**Task:** Omitting all images, transcribe the listing word for word.

##### Records for processing

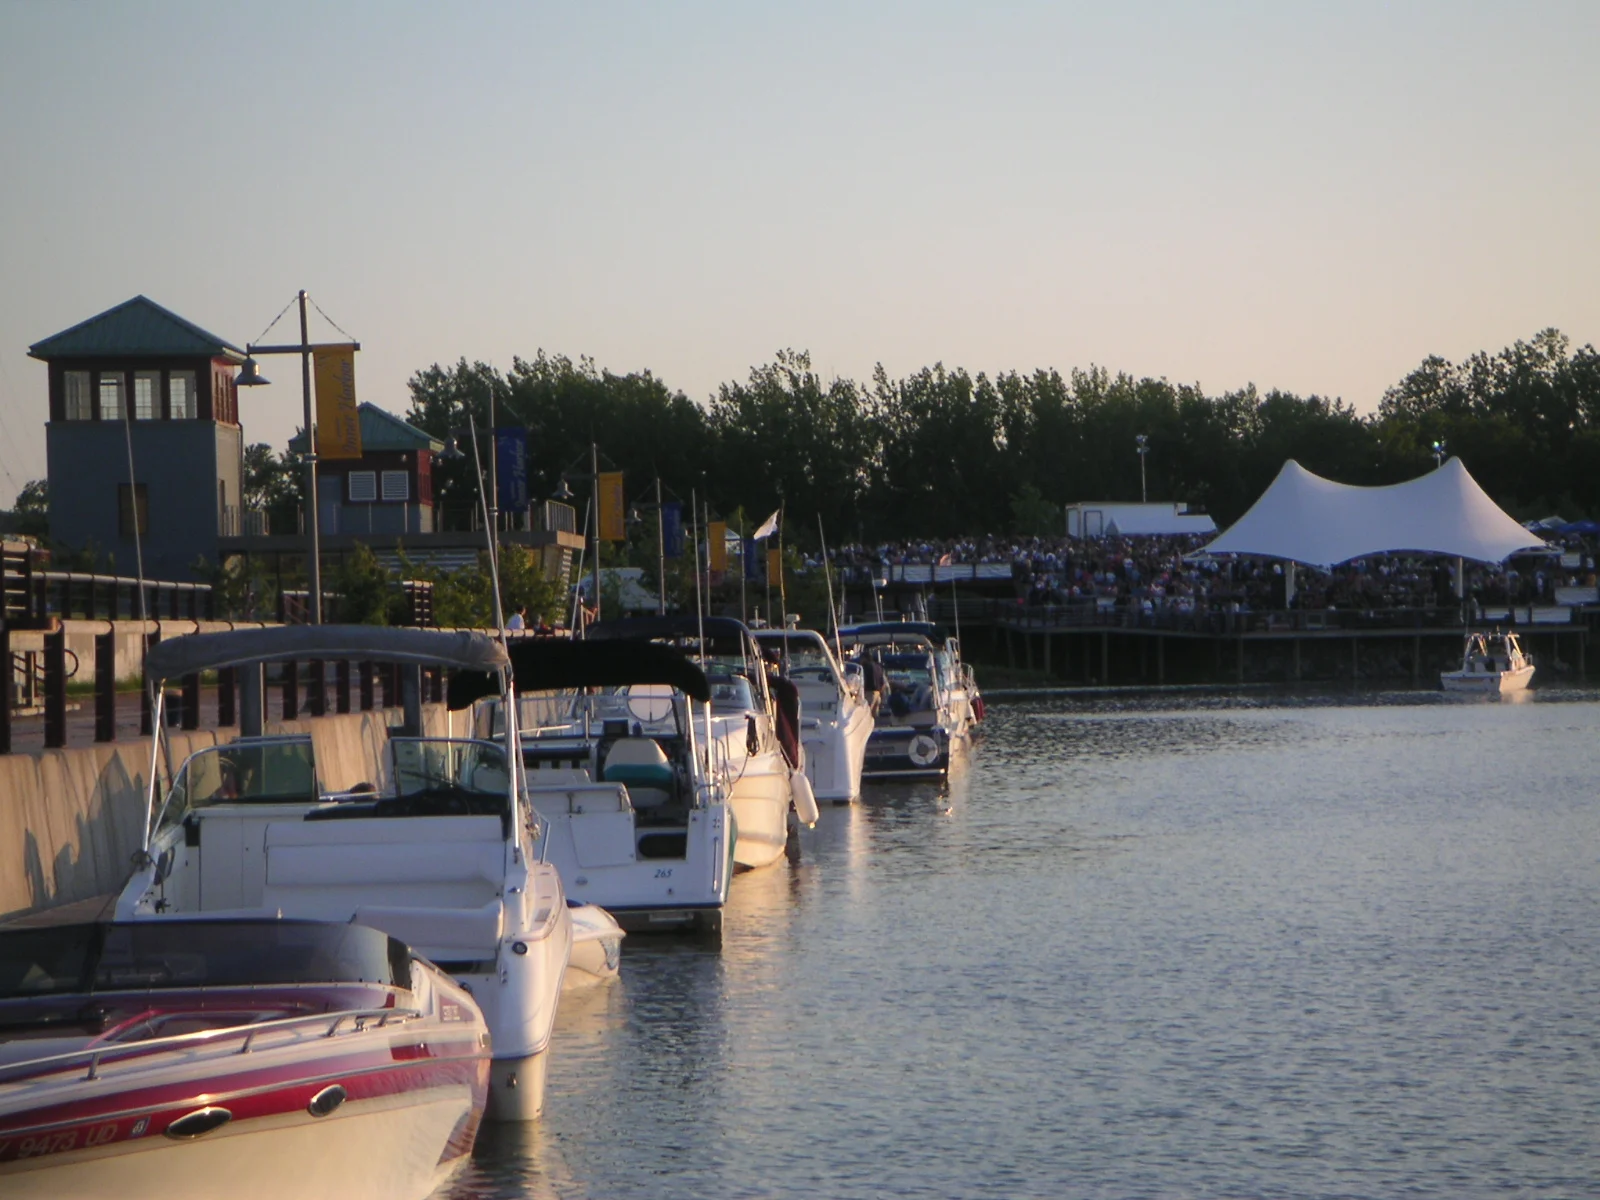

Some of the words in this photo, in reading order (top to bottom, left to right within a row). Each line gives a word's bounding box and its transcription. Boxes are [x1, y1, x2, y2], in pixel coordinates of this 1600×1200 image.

[333, 359, 354, 411] Harbor
[654, 868, 673, 878] 265
[18, 1130, 78, 1158] 9473
[85, 1122, 118, 1147] UD
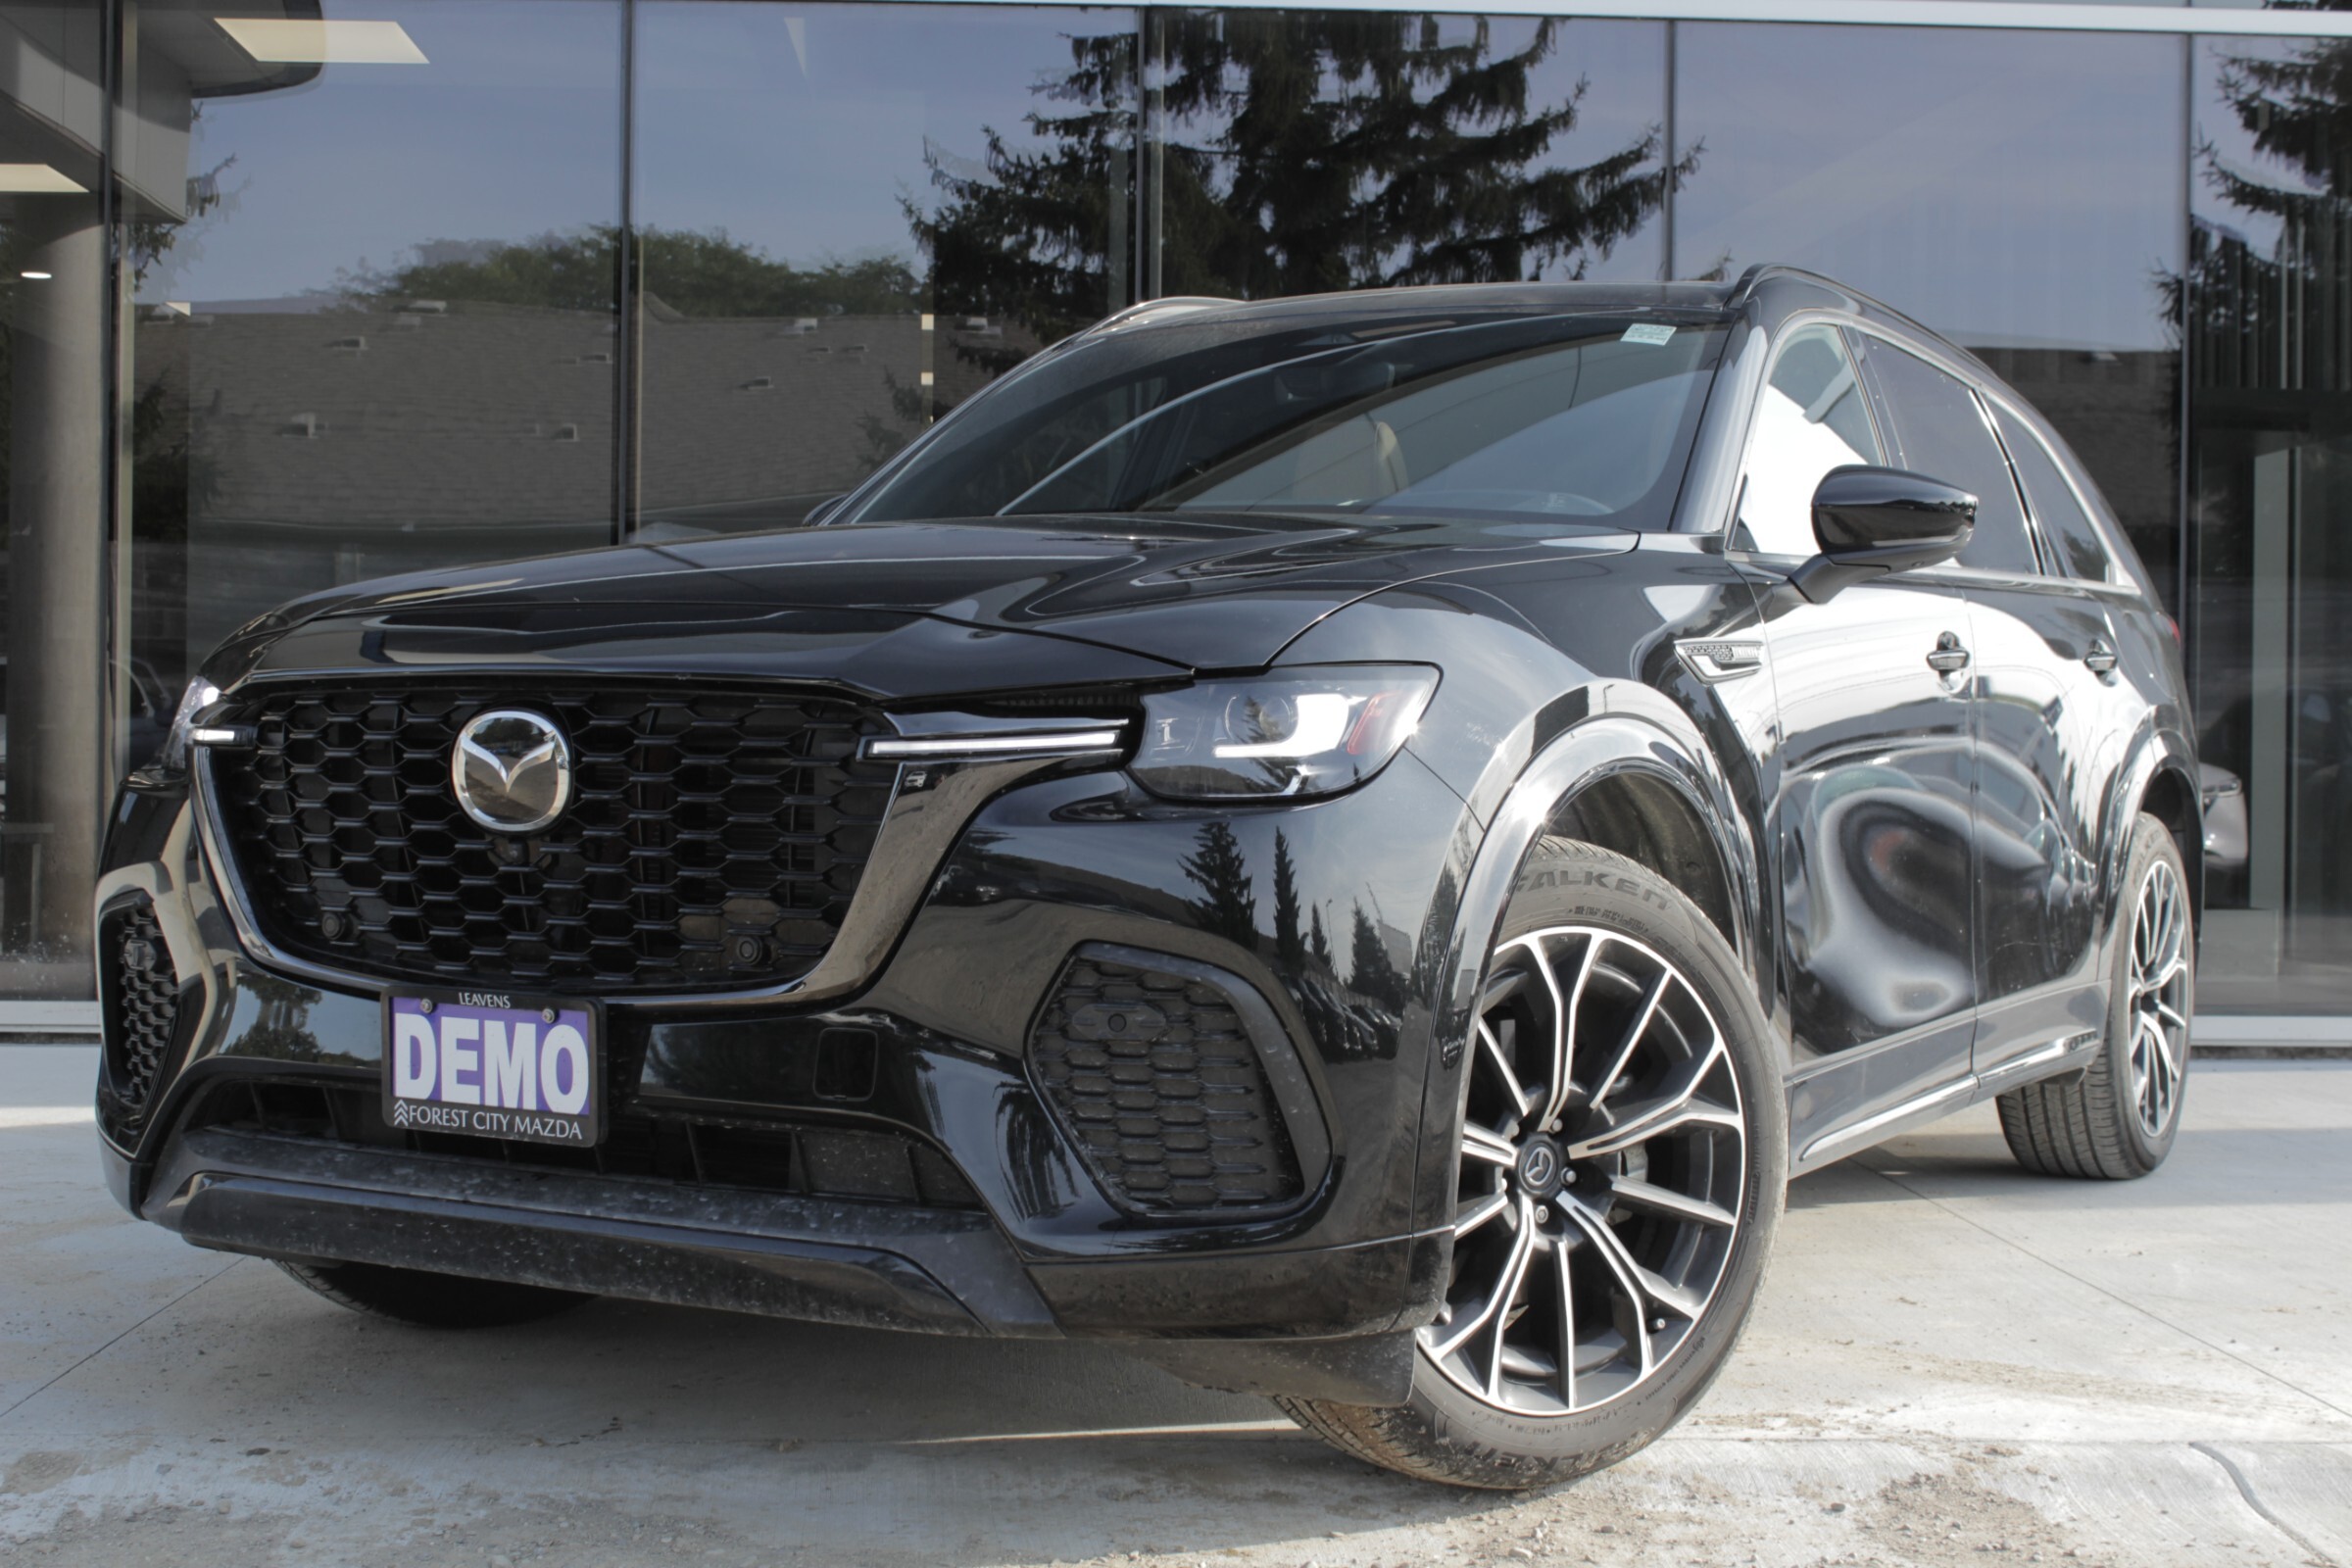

##########

**Response:**
Some of the words in this photo, in reading order (top to bottom, left to right within a row). Each line gives a word's bounding box and its transcription. Boxes are [x1, y1, x2, y2], in pixel coordinates of this 1600×1200 image.

[333, 359, 354, 411] Harbor
[654, 868, 673, 878] 265
[18, 1130, 78, 1158] 9473
[85, 1122, 118, 1147] UD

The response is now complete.